__The problem__
The lines to print are the one containing "this 1920×1440 image." and every line after it through the end of the entries below. Print them exactly and nothing else.

__Records shown__
----

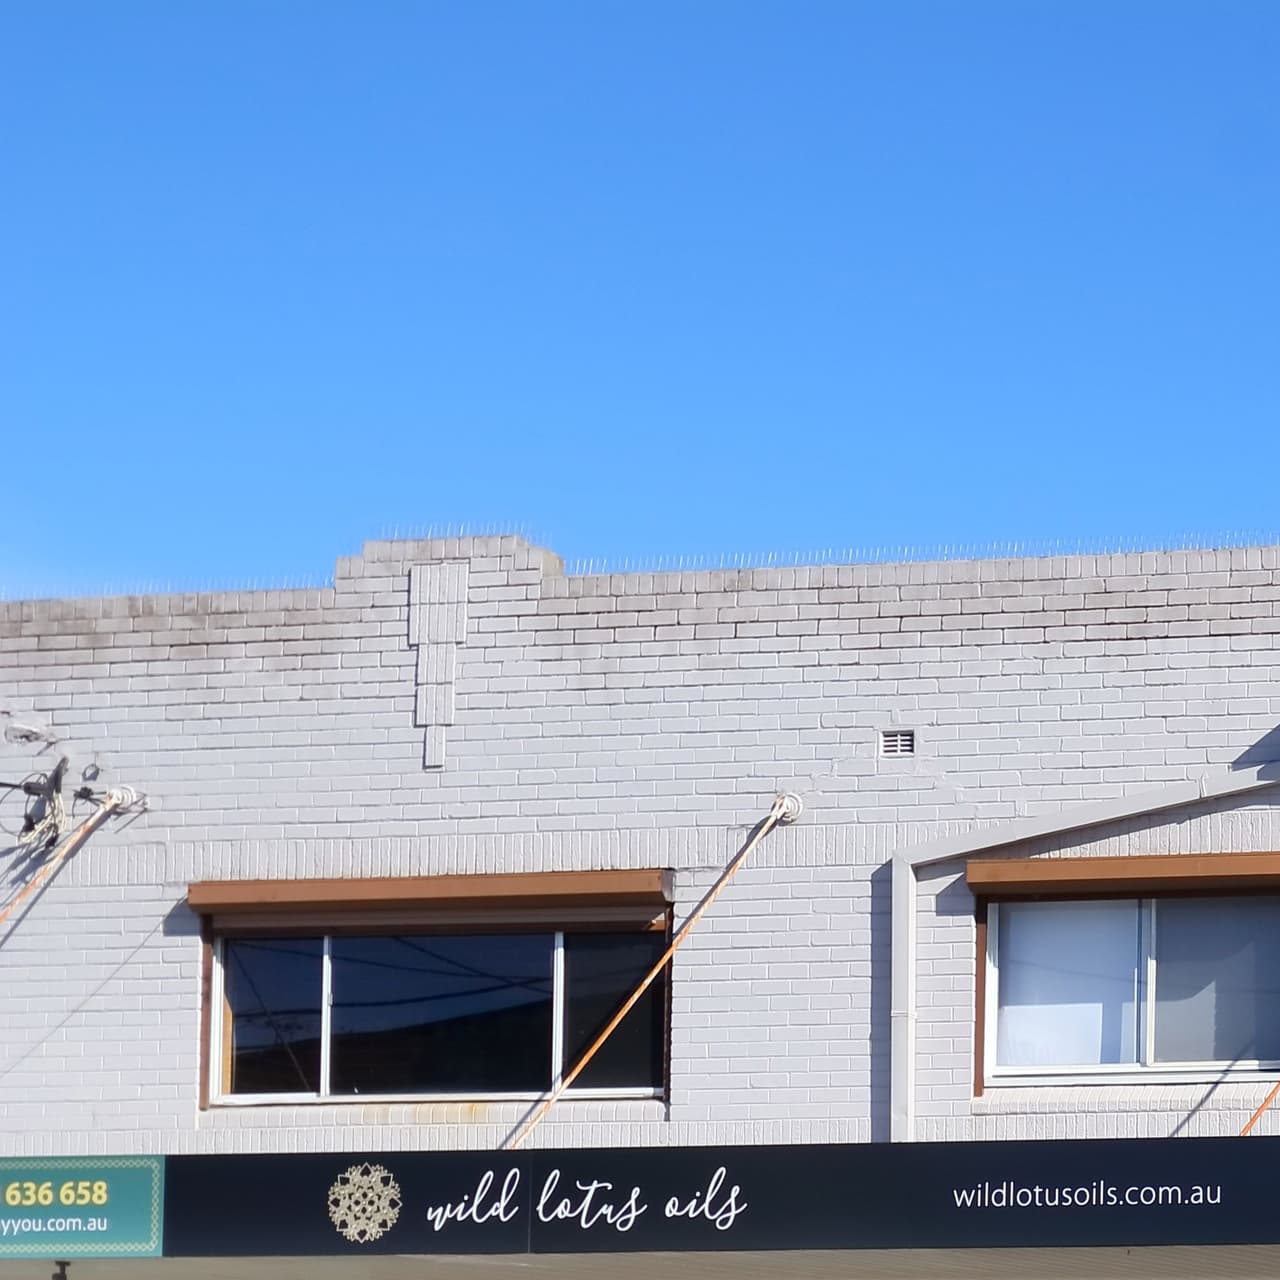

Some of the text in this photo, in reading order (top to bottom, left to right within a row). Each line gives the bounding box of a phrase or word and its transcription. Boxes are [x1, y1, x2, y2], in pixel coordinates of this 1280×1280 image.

[5, 1181, 109, 1206] 636 658
[426, 1166, 748, 1232] wild lotus oils
[953, 1179, 1222, 1208] wildlotusoils.com.au
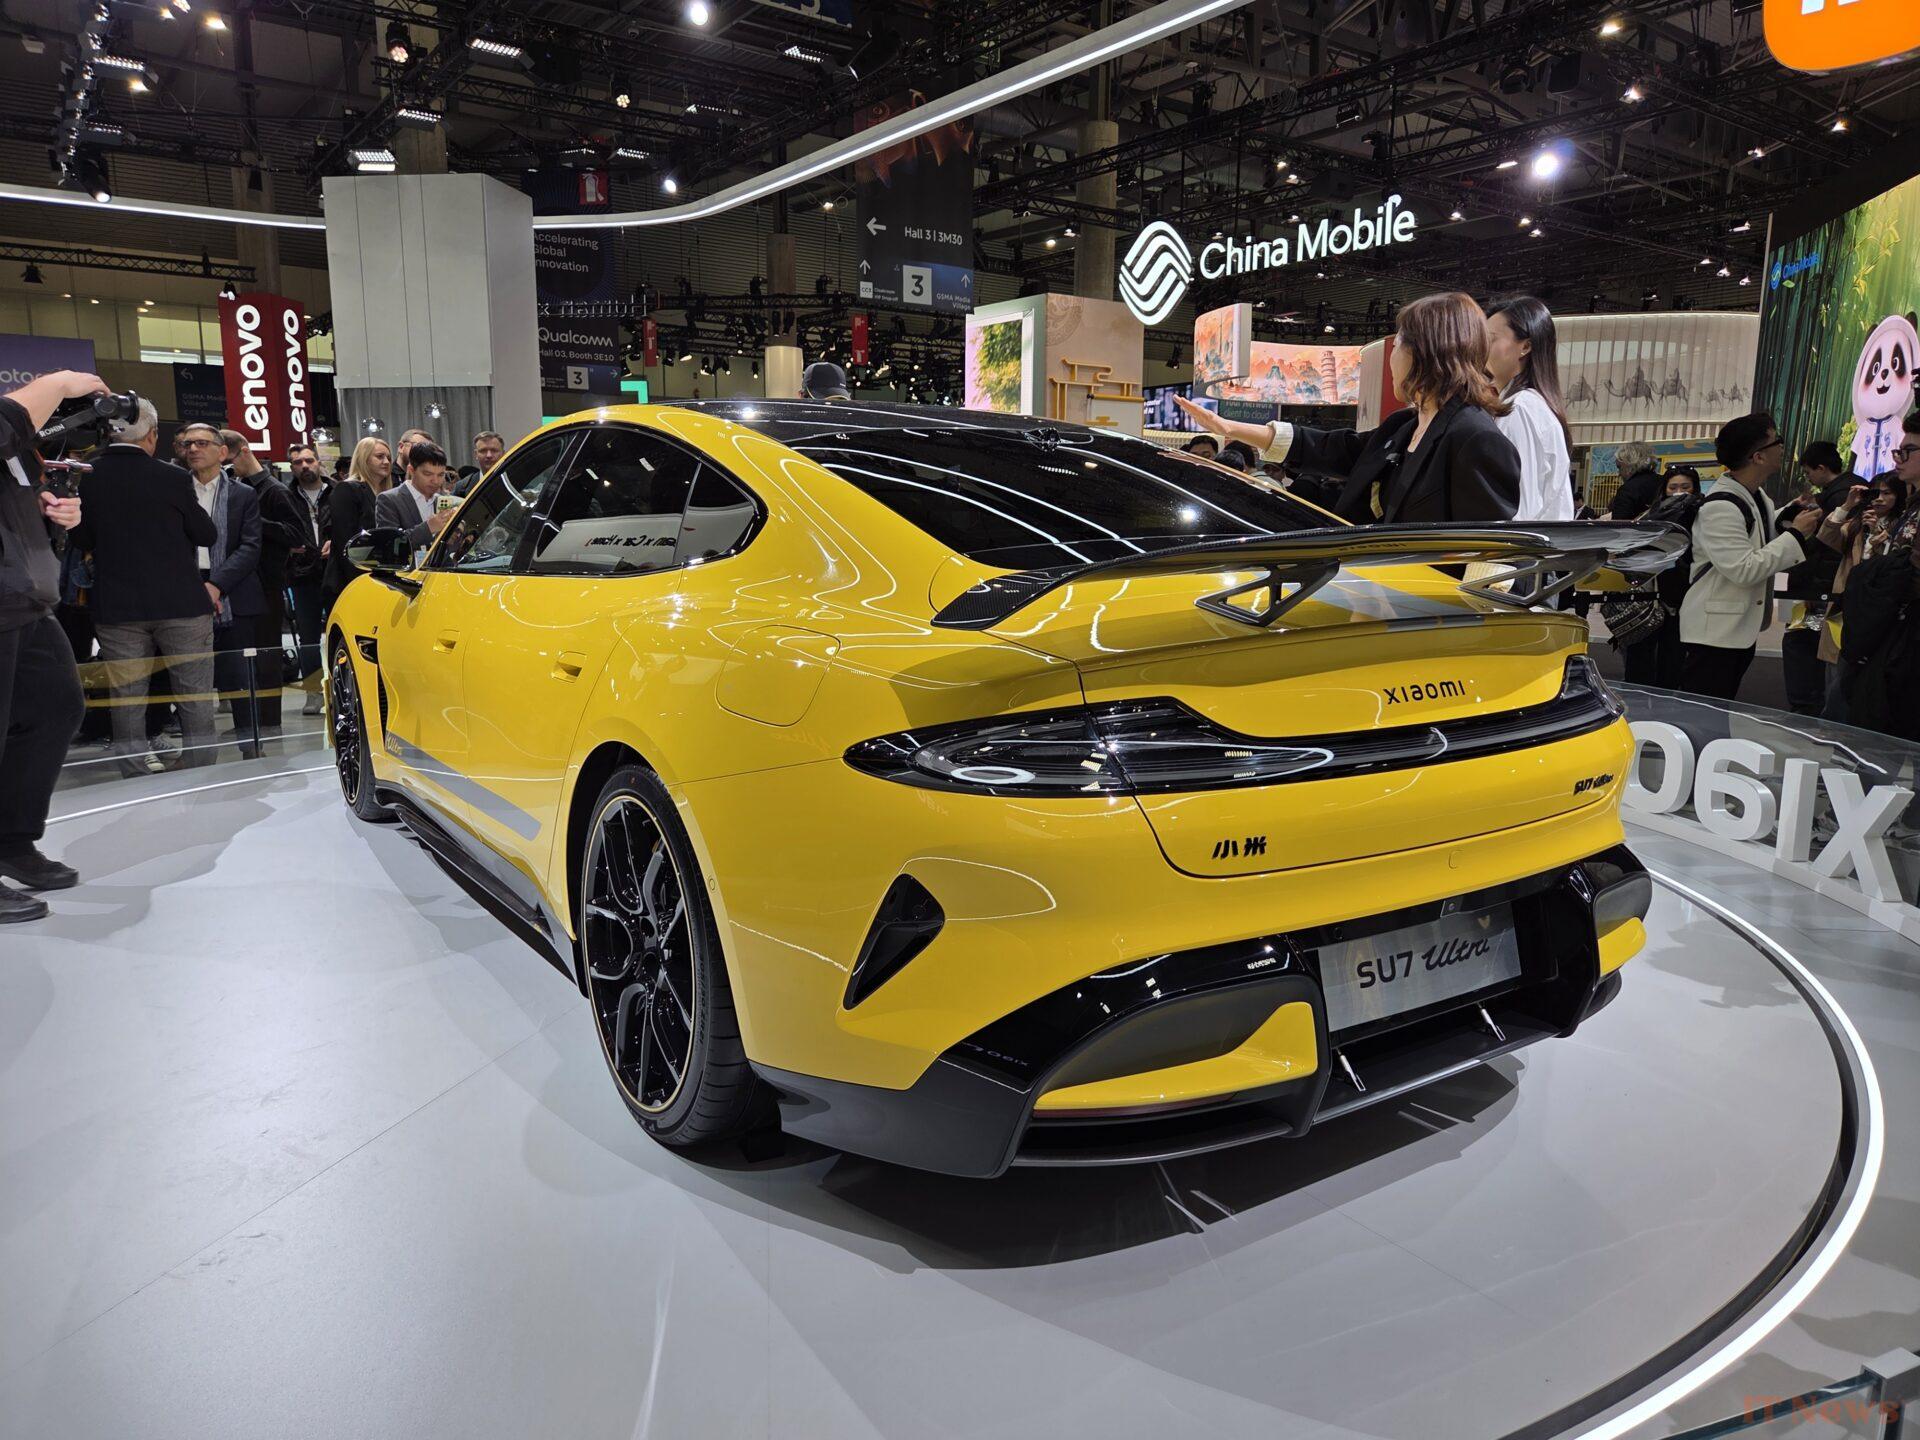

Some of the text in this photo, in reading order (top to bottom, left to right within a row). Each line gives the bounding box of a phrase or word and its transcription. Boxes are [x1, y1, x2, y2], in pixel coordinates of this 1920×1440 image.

[904, 226, 923, 240] Hall
[925, 229, 932, 241] 3
[938, 231, 963, 246] 3M30
[1200, 197, 1416, 279] China Mobile
[535, 258, 589, 272] nnovation
[911, 274, 924, 297] 3
[539, 327, 614, 348] Qualcomm
[569, 350, 592, 360] Booth
[594, 352, 615, 362] 3E10
[236, 304, 272, 451] Lenovo
[573, 371, 583, 385] 3
[39, 423, 65, 438] RONIN
[1383, 680, 1466, 705] xiaomi
[1211, 836, 1266, 860] 小米
[1356, 938, 1490, 989] SU7 Ultra

----

__Result of this task__
Some of the text in this photo, in reading order (top to bottom, left to right within a row). Each line gives the bounding box of a phrase or word and its transcription. Boxes are [x1, y1, x2, y2], in pixel coordinates of this 1920×1440 image.

[904, 226, 923, 240] Hall
[925, 229, 932, 241] 3
[938, 231, 963, 246] 3M30
[1200, 197, 1416, 279] China Mobile
[535, 258, 589, 272] nnovation
[911, 274, 924, 297] 3
[539, 327, 614, 348] Qualcomm
[569, 350, 592, 360] Booth
[594, 352, 615, 362] 3E10
[236, 304, 272, 451] Lenovo
[573, 371, 583, 385] 3
[39, 423, 65, 438] RONIN
[1383, 680, 1466, 705] xiaomi
[1211, 836, 1266, 860] 小米
[1356, 938, 1490, 989] SU7 Ultra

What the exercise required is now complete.